WORK ITEM =>
Line by line, print the records exactly, and keep images out of the copy.

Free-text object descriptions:
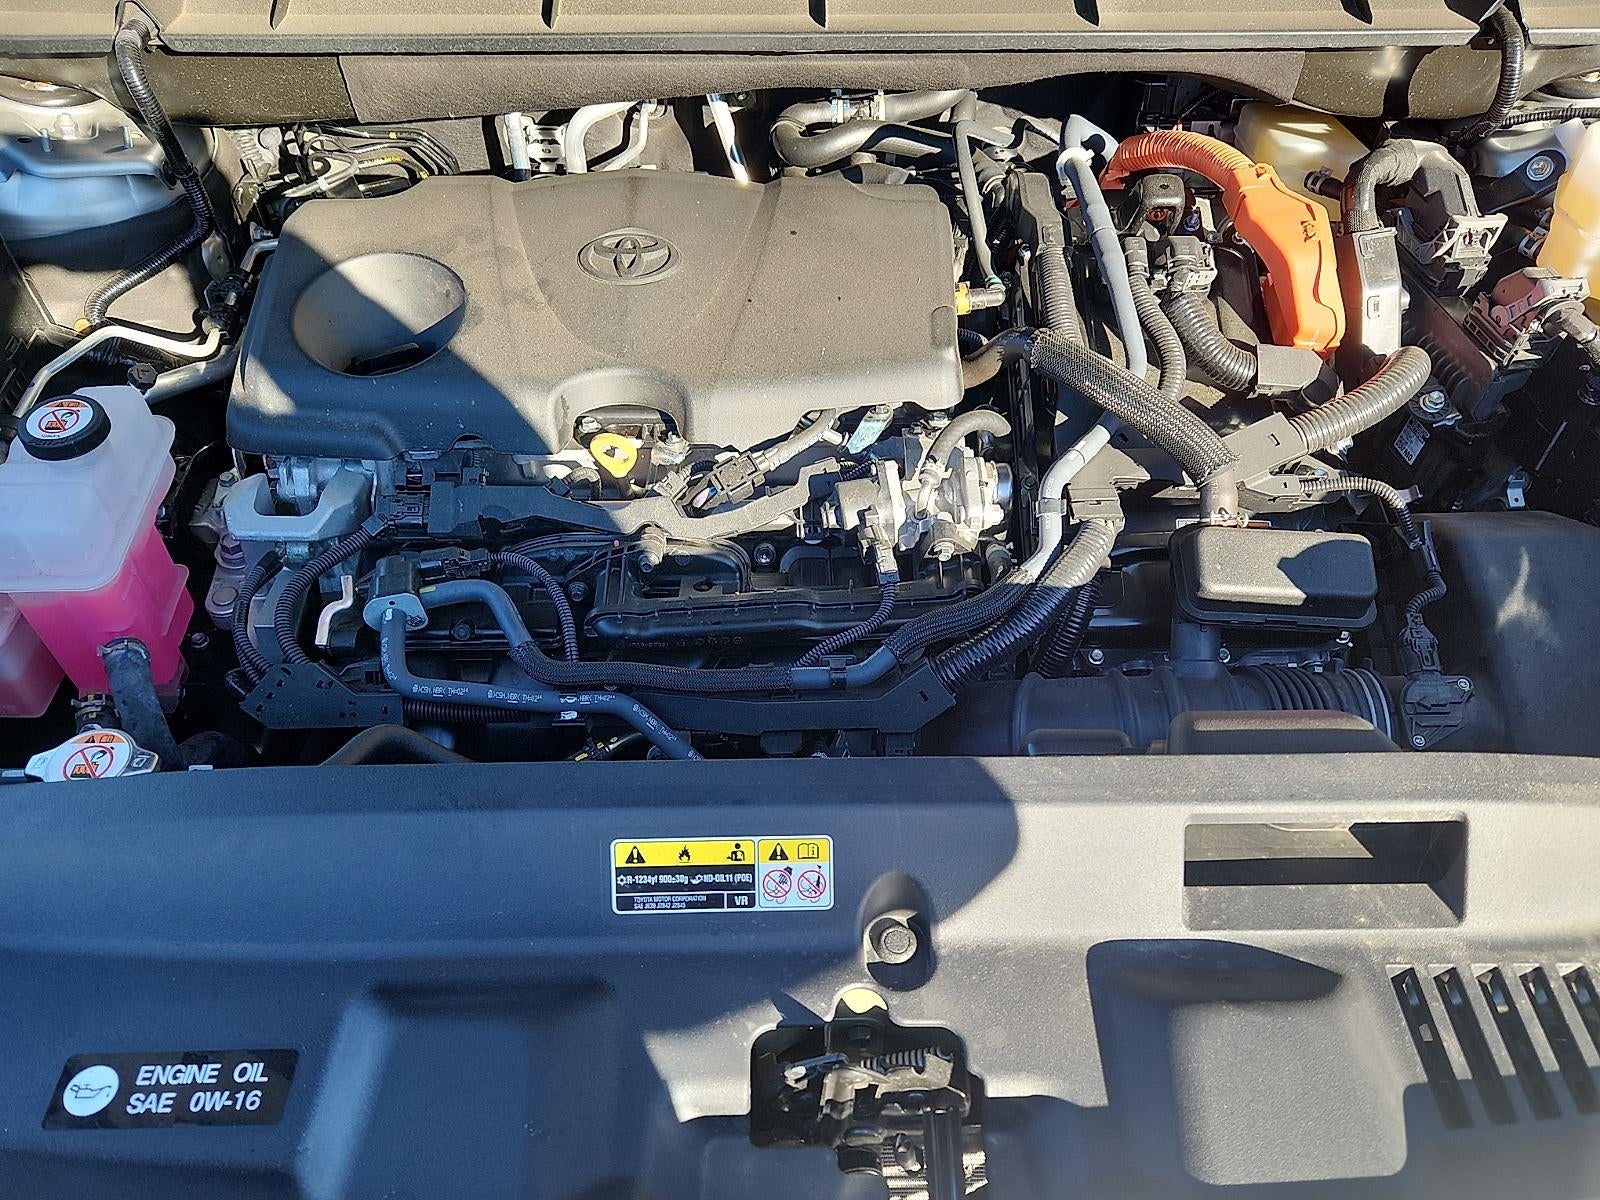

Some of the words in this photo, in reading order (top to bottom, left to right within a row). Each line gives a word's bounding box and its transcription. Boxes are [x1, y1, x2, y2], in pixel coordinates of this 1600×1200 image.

[626, 874, 658, 886] R-1234yf
[734, 873, 753, 884] (POE)
[734, 895, 749, 906] VR
[135, 1063, 222, 1086] ENGINE
[232, 1062, 269, 1083] OIL
[125, 1092, 177, 1115] SAE
[189, 1089, 263, 1113] 0W-16
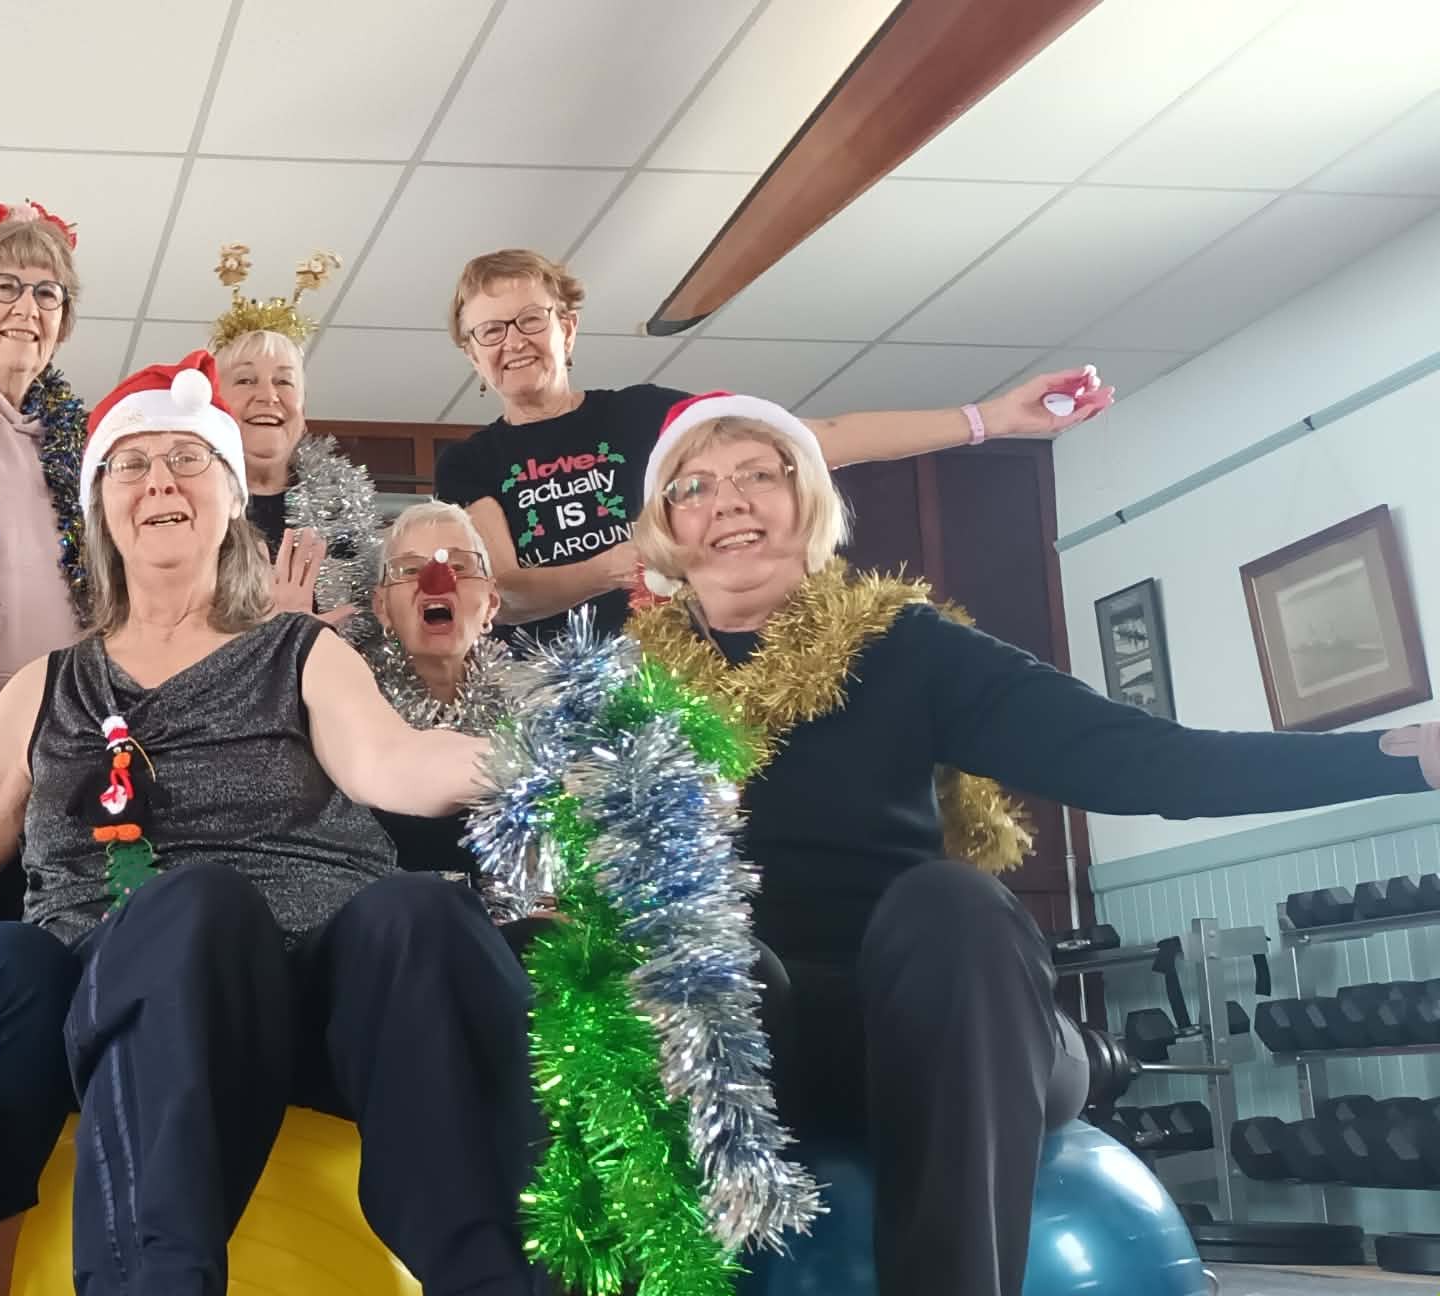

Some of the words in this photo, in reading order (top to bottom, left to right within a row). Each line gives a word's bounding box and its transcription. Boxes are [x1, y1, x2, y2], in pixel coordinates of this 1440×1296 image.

[527, 454, 596, 480] love
[518, 469, 615, 508] actually
[556, 502, 586, 529] IS
[552, 521, 636, 560] AROUN

FINAL ANSWER =>
Some of the words in this photo, in reading order (top to bottom, left to right within a row). Each line gives a word's bounding box and its transcription. Boxes are [x1, y1, x2, y2], in pixel coordinates of this 1600×1200 image.

[626, 874, 658, 886] R-1234yf
[734, 873, 753, 884] (POE)
[734, 895, 749, 906] VR
[135, 1063, 222, 1086] ENGINE
[232, 1062, 269, 1083] OIL
[125, 1092, 177, 1115] SAE
[189, 1089, 263, 1113] 0W-16

Some of the words in this photo, in reading order (top to bottom, left to right within a row). Each line gives a word's bounding box and its transcription. Boxes are [x1, y1, x2, y2], in pixel coordinates of this 1440×1296 image.

[527, 454, 596, 480] love
[518, 469, 615, 508] actually
[556, 502, 586, 529] IS
[552, 521, 636, 560] AROUN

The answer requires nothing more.